[Referring expression grounding data]
__________
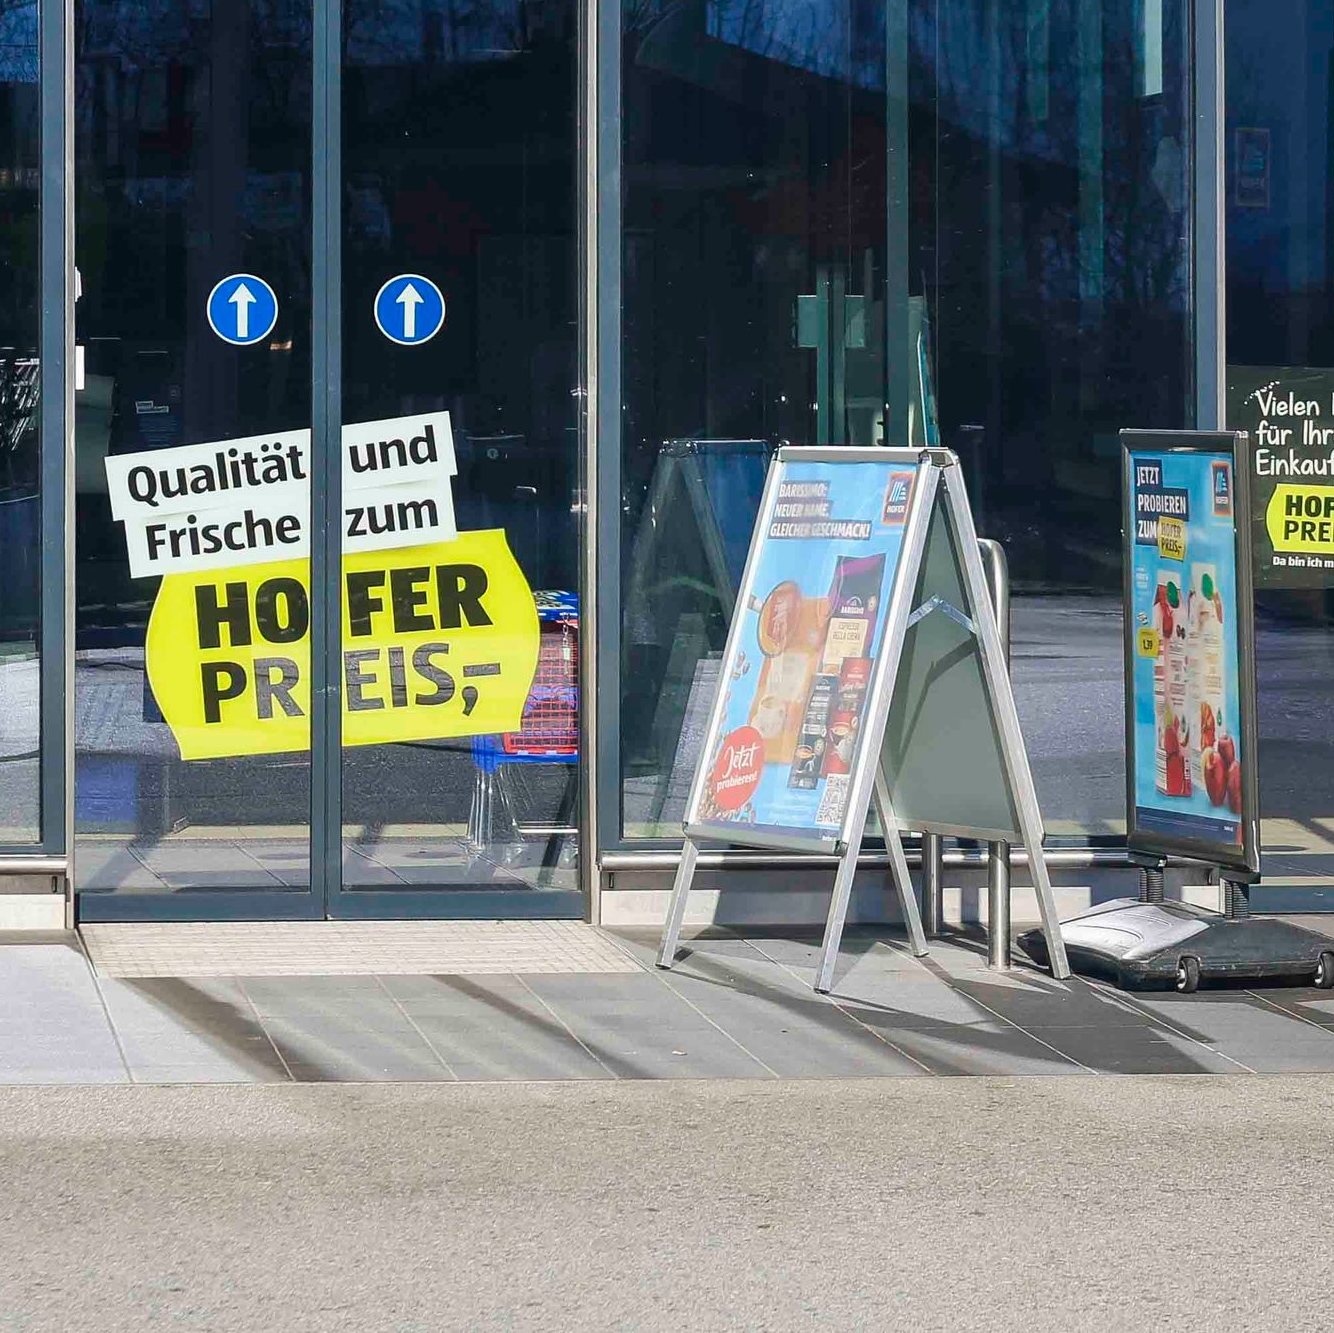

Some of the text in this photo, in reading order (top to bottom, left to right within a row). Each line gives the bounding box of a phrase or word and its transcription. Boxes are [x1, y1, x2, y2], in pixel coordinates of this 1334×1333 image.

[1257, 391, 1320, 417] Vielen
[1256, 420, 1292, 445] für
[127, 424, 439, 507] Qualität und
[1136, 466, 1160, 487] JETZT
[775, 503, 801, 517] NEUER
[886, 505, 905, 513] HOFER
[1138, 494, 1186, 515] PROBIEREN
[146, 497, 439, 561] Frische zum
[770, 523, 870, 537] GLEICHER GESCHMACK!
[1138, 520, 1157, 538] ZUM
[1272, 556, 1287, 566] Da
[1288, 556, 1305, 567] bin
[1307, 556, 1323, 567] ich
[721, 743, 762, 778] Jetzt
[716, 772, 758, 793] probieren!
__________
TASK STATEMENT » Your answer should be a precise transcript of the entries, minus the pictures.

REPLY »
Some of the text in this photo, in reading order (top to bottom, left to right within a row). Each line gives the bounding box of a phrase or word and its transcription. Boxes are [x1, y1, x2, y2], in pixel coordinates of this 1334×1333 image.

[1257, 391, 1320, 417] Vielen
[1256, 420, 1292, 445] für
[127, 424, 439, 507] Qualität und
[1136, 466, 1160, 487] JETZT
[775, 503, 801, 517] NEUER
[886, 505, 905, 513] HOFER
[1138, 494, 1186, 515] PROBIEREN
[146, 497, 439, 561] Frische zum
[770, 523, 870, 537] GLEICHER GESCHMACK!
[1138, 520, 1157, 538] ZUM
[1272, 556, 1287, 566] Da
[1288, 556, 1305, 567] bin
[1307, 556, 1323, 567] ich
[721, 743, 762, 778] Jetzt
[716, 772, 758, 793] probieren!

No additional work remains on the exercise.